Subscribe to Secularism is a Womens Issue

Secularism is a Women’s Issue

Accueil > impact on women / resistance > Algérie : Non au blackface, non au racisme en Algérie

Algérie : Non au blackface, non au racisme en Algérie

PETITION

mercredi 27 mai 2020, par siawi3

Source : https://www.change.org/p/canal-alg%C3%A9rie-non-au-blackface-non-au-racisme-en-alg%C3%A9rie?recruiter=28998768&utm_source=share_petition&utm_medium=email&utm_campaign=psf_combo_share_initial&recruited_by_id=39e76490-e336-012f-1284-4040496dcccb


Non au blackface, non au racisme en Algérie

Non AU RACISME a lancé cette pétition adressée à Canal Algérie et à 1 autre

Cet acte raciste qu’on ne peut laisser passer

SIGNEZ la pétition ici

La chaîne Canal Algérie a diffusé le dimanche 17 mai 2019, en plein mois du ramadhan, une scène raciste de blackface (grimage en noir) au sein de la sitcom Ma neskounch maa yemak (Je n’habiterais pas avec ta mère).

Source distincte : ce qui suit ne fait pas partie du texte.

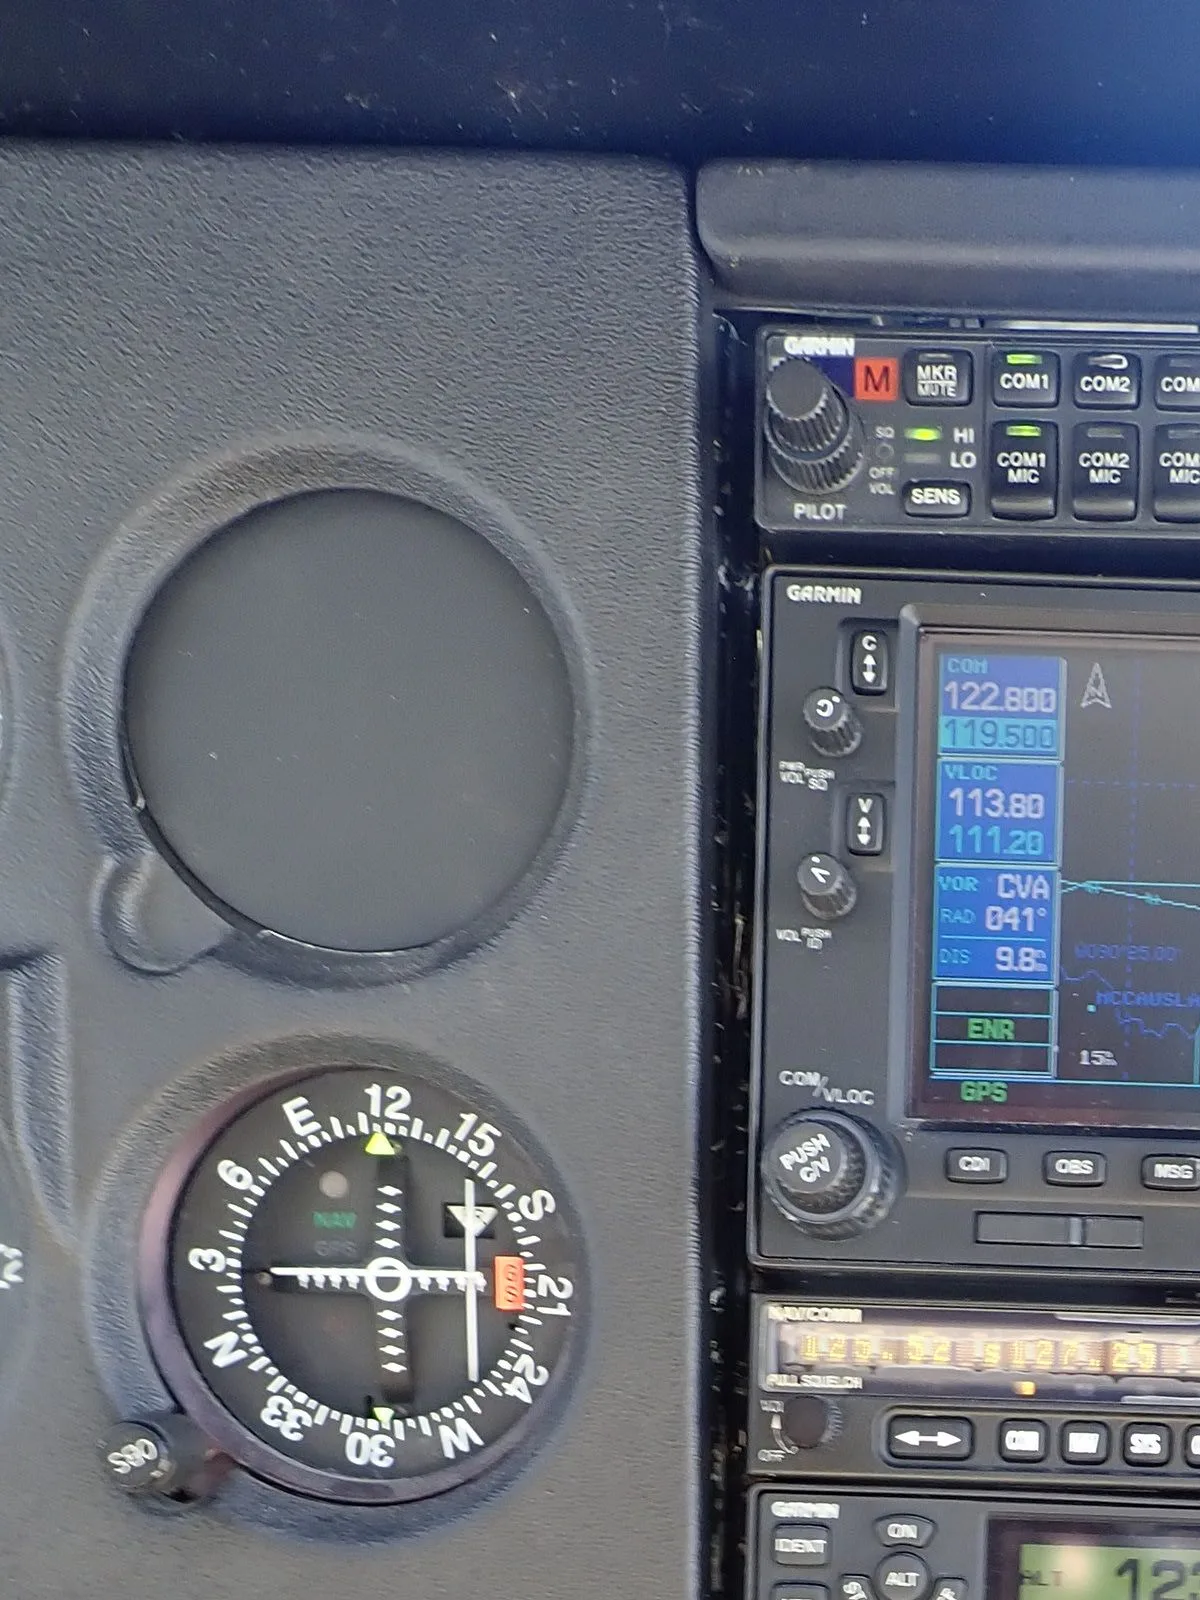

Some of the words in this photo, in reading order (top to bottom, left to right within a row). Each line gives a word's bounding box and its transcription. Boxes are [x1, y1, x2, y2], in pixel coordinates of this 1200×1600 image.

[863, 367, 890, 392] M
[917, 366, 957, 381] MKR
[917, 382, 956, 397] MUTE
[1000, 375, 1049, 389] COM1
[1080, 376, 1131, 392] COM2
[954, 428, 974, 442] HI
[950, 453, 976, 468] LO
[998, 452, 1045, 468] COM1
[1079, 453, 1129, 468] COM2
[868, 468, 894, 479] OFF
[1008, 468, 1039, 484] MIC
[1090, 468, 1120, 484] MIC
[1171, 468, 1200, 485] MIC
[868, 481, 895, 495] VOL
[911, 489, 960, 504] SENS
[793, 503, 845, 520] PILOT
[786, 585, 862, 604] GARMIN
[862, 635, 877, 651] C
[947, 658, 988, 673] COM
[944, 681, 1056, 712] 122.800
[944, 719, 1055, 748] 119.500
[946, 766, 998, 780] VLOC
[858, 798, 872, 813] V
[949, 788, 1044, 819] 113.80
[949, 826, 1044, 855] 111.20
[939, 876, 978, 891] VOR
[997, 874, 1049, 900] CVA
[941, 909, 975, 924] RAD
[968, 1018, 1015, 1040] ENR
[961, 1081, 1007, 1102] GPS
[364, 1083, 412, 1121] 12
[282, 1096, 321, 1138] E
[453, 1112, 502, 1159] 15
[779, 1133, 831, 1171] PUSH
[959, 1157, 990, 1172] CDI
[1055, 1159, 1093, 1174] OBS
[1154, 1164, 1193, 1180] MSG
[217, 1159, 253, 1191] 6
[518, 1189, 556, 1221] S
[188, 1248, 226, 1273] 3
[536, 1276, 574, 1317] 21
[204, 1332, 248, 1368] N
[501, 1354, 549, 1404] 24
[260, 1395, 313, 1441] 33
[438, 1417, 484, 1459] W
[346, 1432, 396, 1468] 30
[887, 1523, 917, 1538] ON
[775, 1539, 826, 1554] IDENT
[885, 1572, 919, 1587] ALT

Dans la scène, deux hommes se peignent le visage et les mains en noir pour avoir à manger, ils font semblant de mimer et de parler comme des migrants noirs, ce qui n’est en réalité qu’une représentation raciste, nous savons très bien que ce ne sont pas les migrants subsaharien.ne.s qui parlent ainsi, mais bien ceux qui les miment pour s’en moquer. Selon cette scène et selon un imaginaire collectif, les migrants noirs ne savent pas parler, sont malades, ne veulent pas travailler, ne font que mendier et vivent de la charité (sadaqa). En plus du blackface, à la fin de l’épisode l’un des deux hommes revient, “déguisé” en Chinois en portant un chapeau chinois, et dit des choses absurdes « Jackie Chan.. » s’invitant cette fois à manger en tant que Chinois. Nous savons quelle est l’ampleur également du racisme contre les Chinois et les Asiatiques dans notre pays, cette scène ne fait pas honneur à l’Algérie.

Nous tenons à rappeler que l’origine du blackface provient d’une pratique théâtrale raciste pratiquée au 19e et 20e siècles aux Etats Unis, où des acteurs blancs se peignaient en noir pour se moquer des personnes Noires et les représenter comme des êtres stupides, dénués d’intelligence et infantiles. Le but de ces shows était bien sûr d’amuser un public exclusivement blanc. Cette forme a été ensuite importée en Europe, et est pratiquée encore aujourd’hui, malgré les mouvements de protestation internationaux des communautés noires et des militant.e.s antiracistes, à l’exemple du personnage du « sauvage » lors de la Ducasse d’Ath, une tradition et une fête populaire en Belgique, « Le sauvage » étant un homme blanc peint en noir, ou bien du Zwarte Piet en Hollande. Cette pratique stigmatise et déshumanise, tout en renforçant les stéréotypes racistes dans l’esprit des spectateurs et dans la société.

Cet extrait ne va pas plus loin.